■ **What you should do**: Print the data exactly as written, line for line, and leave its pictures behind.

(Saved data entries)
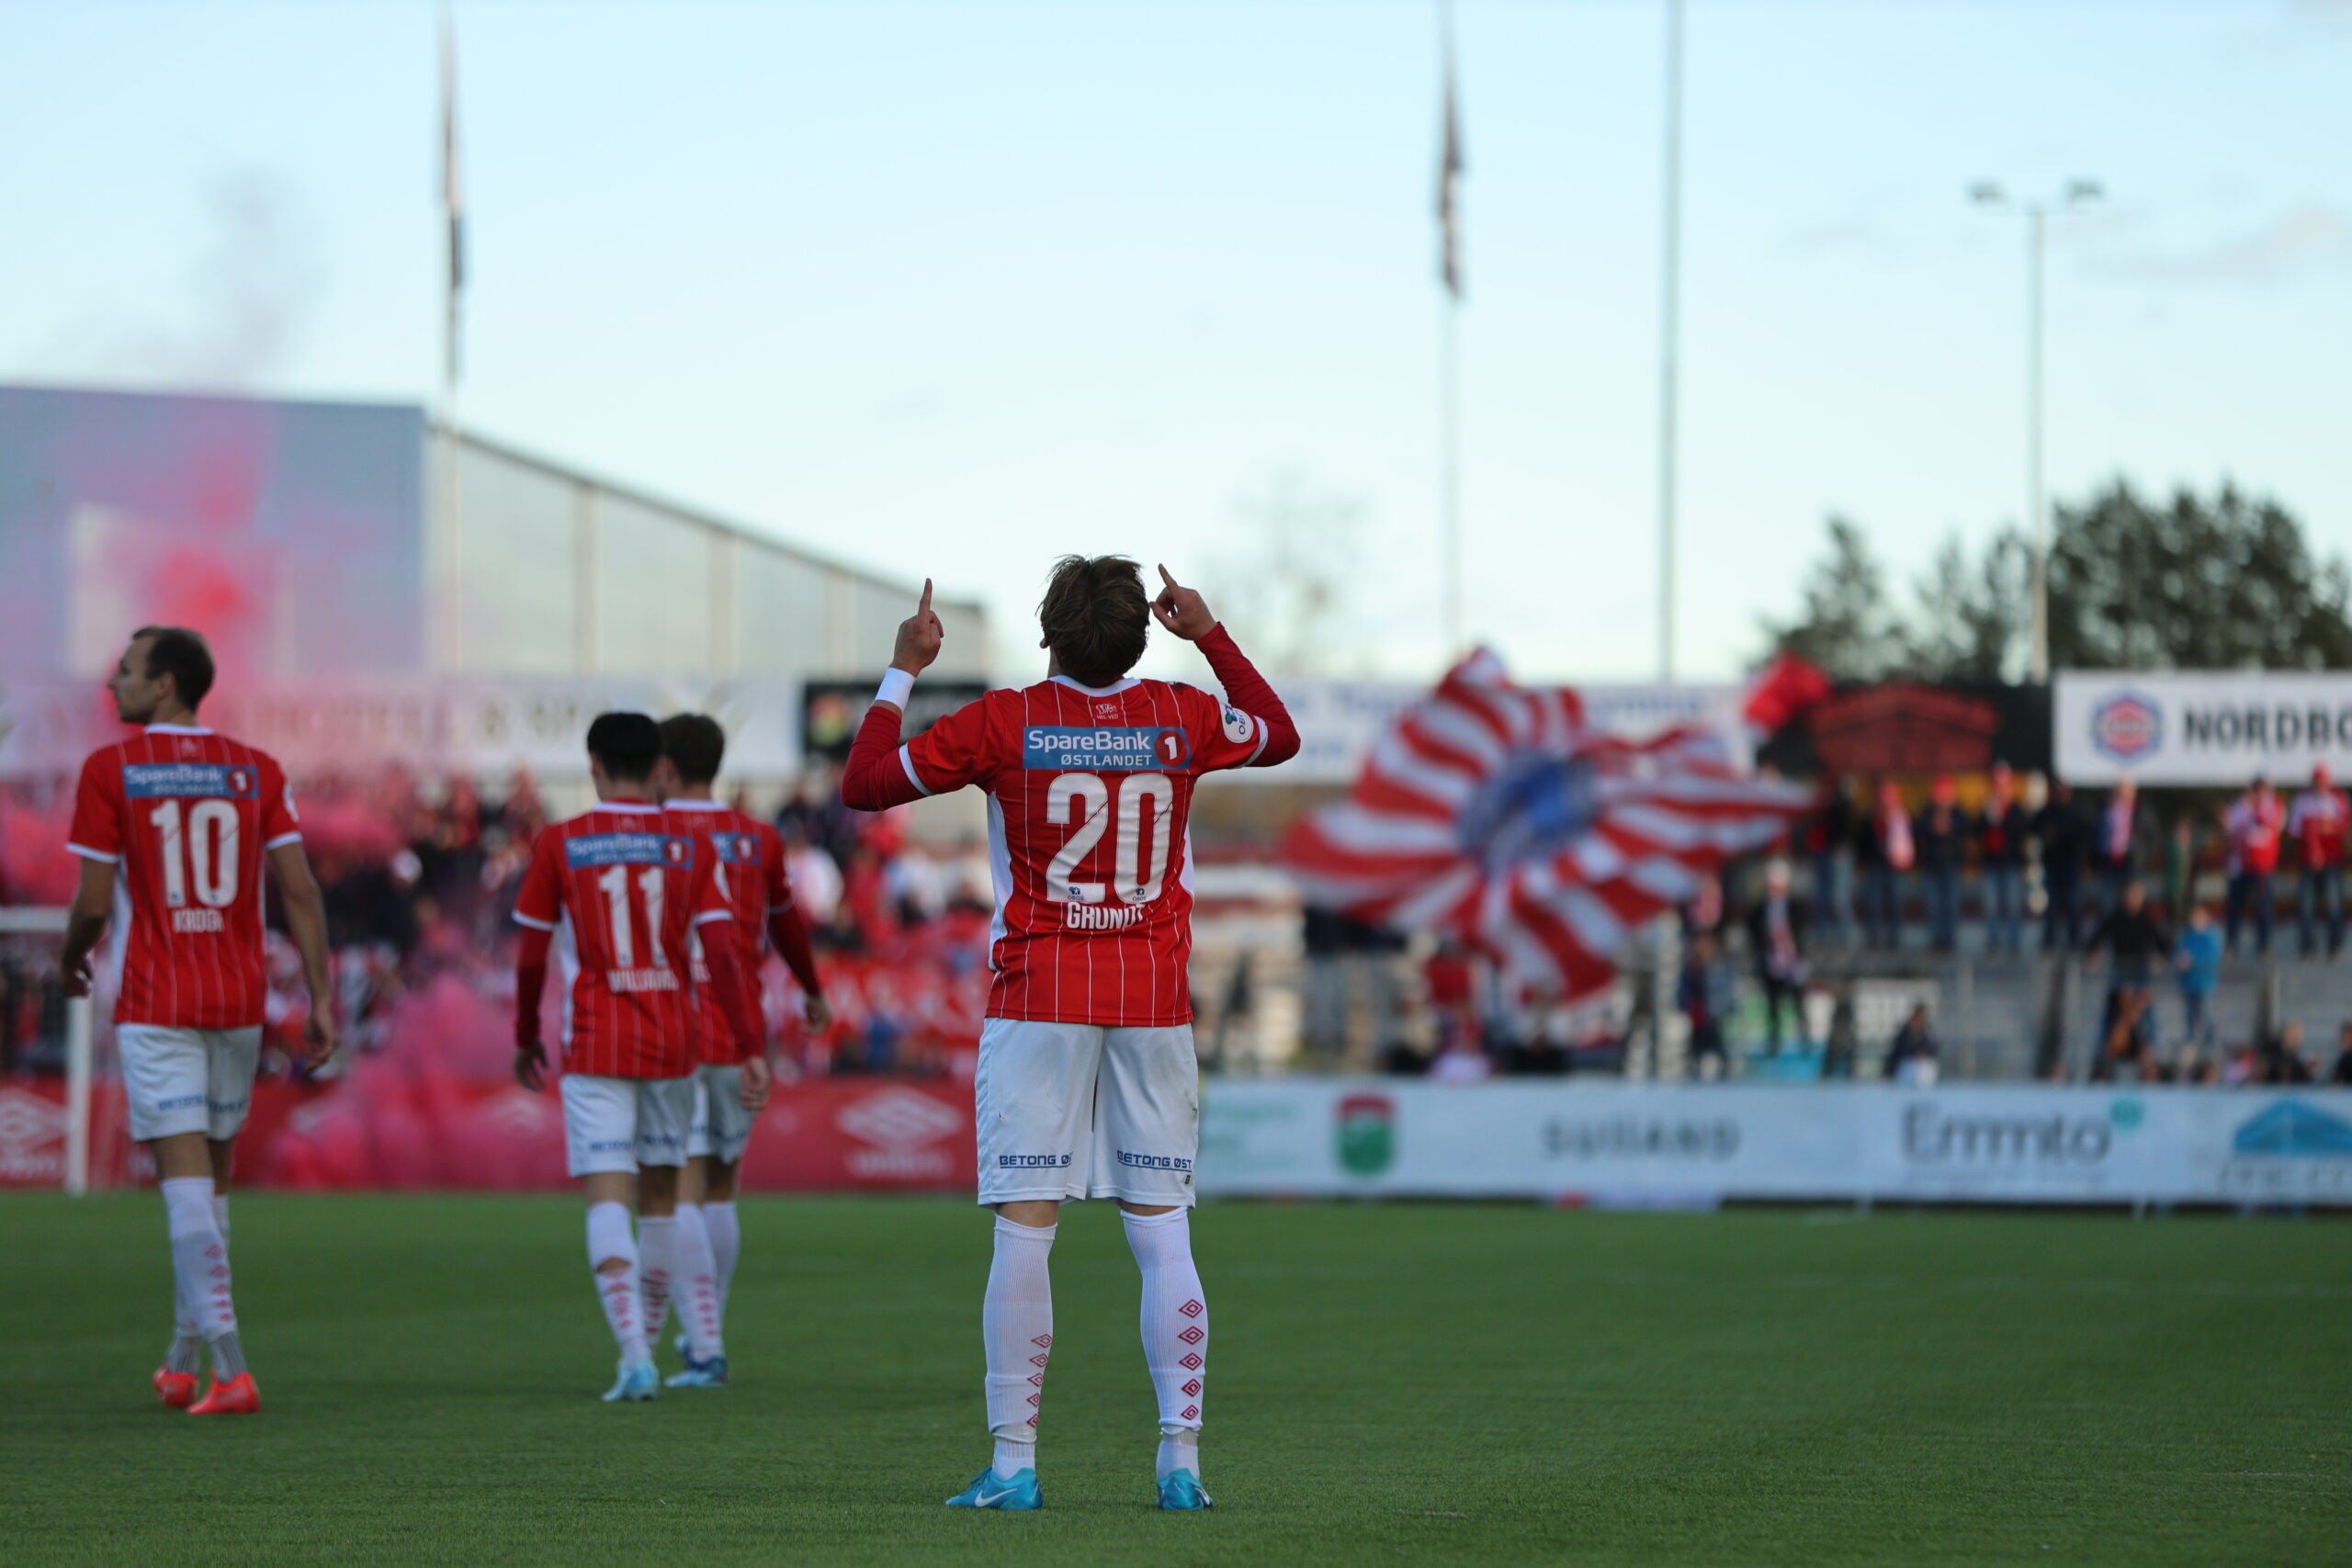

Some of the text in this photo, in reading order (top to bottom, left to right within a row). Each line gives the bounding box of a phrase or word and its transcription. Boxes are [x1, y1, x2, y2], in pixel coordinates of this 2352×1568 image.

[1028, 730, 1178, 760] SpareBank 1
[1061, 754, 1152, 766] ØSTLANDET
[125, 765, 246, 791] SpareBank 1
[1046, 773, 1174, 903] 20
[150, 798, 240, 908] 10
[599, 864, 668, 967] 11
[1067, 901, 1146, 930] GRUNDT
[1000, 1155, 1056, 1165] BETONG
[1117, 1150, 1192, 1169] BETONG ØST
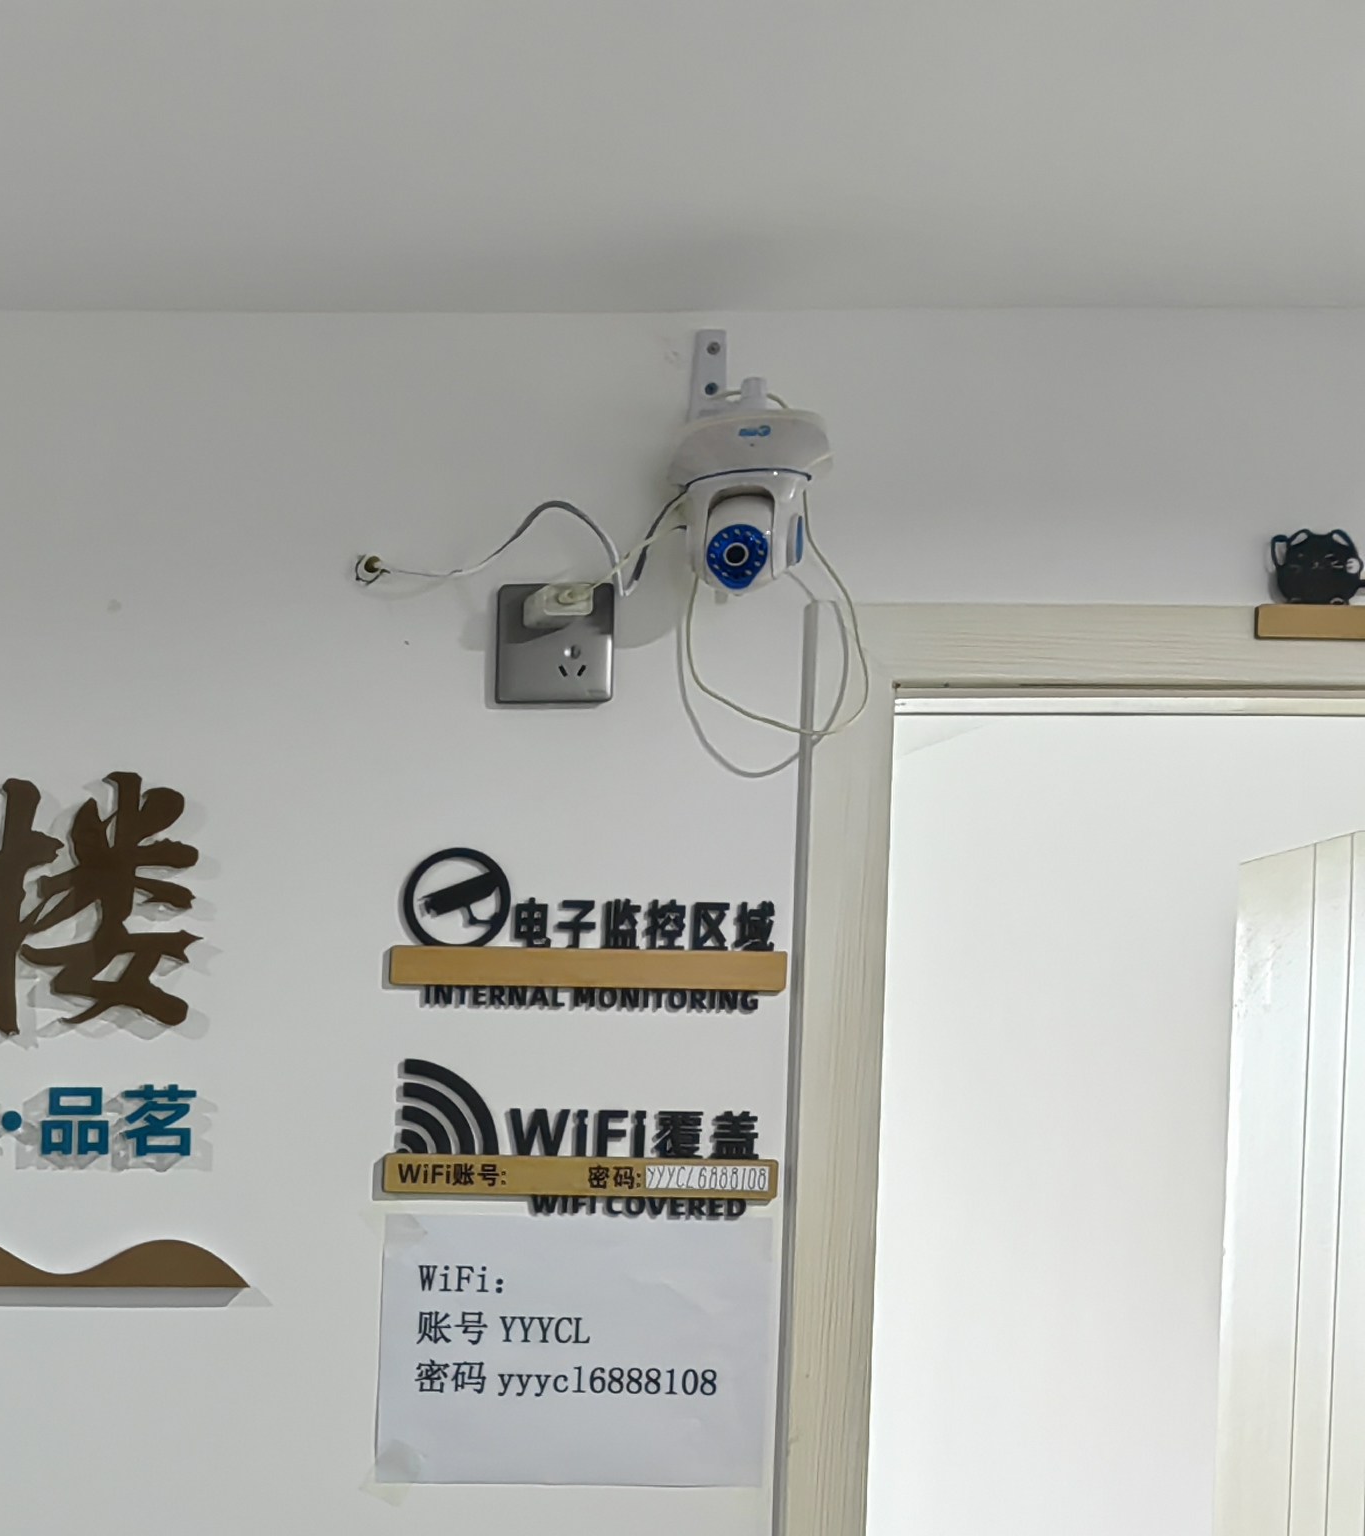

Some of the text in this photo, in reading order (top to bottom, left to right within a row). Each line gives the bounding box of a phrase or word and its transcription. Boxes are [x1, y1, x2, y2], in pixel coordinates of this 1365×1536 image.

■ **Task response**:
Some of the text in this photo, in reading order (top to bottom, left to right within a row). Each line gives the bounding box of a phrase or word and its transcription. Boxes are [x1, y1, x2, y2], in pixel coordinates of this 2352×1568 image.

[1028, 730, 1178, 760] SpareBank 1
[1061, 754, 1152, 766] ØSTLANDET
[125, 765, 246, 791] SpareBank 1
[1046, 773, 1174, 903] 20
[150, 798, 240, 908] 10
[599, 864, 668, 967] 11
[1067, 901, 1146, 930] GRUNDT
[1000, 1155, 1056, 1165] BETONG
[1117, 1150, 1192, 1169] BETONG ØST

Some of the text in this photo, in reading order (top to bottom, left to right within a row). Each line gives the bounding box of a phrase or word and its transcription. Boxes are [x1, y1, x2, y2], in pixel coordinates of this 1365×1536 image.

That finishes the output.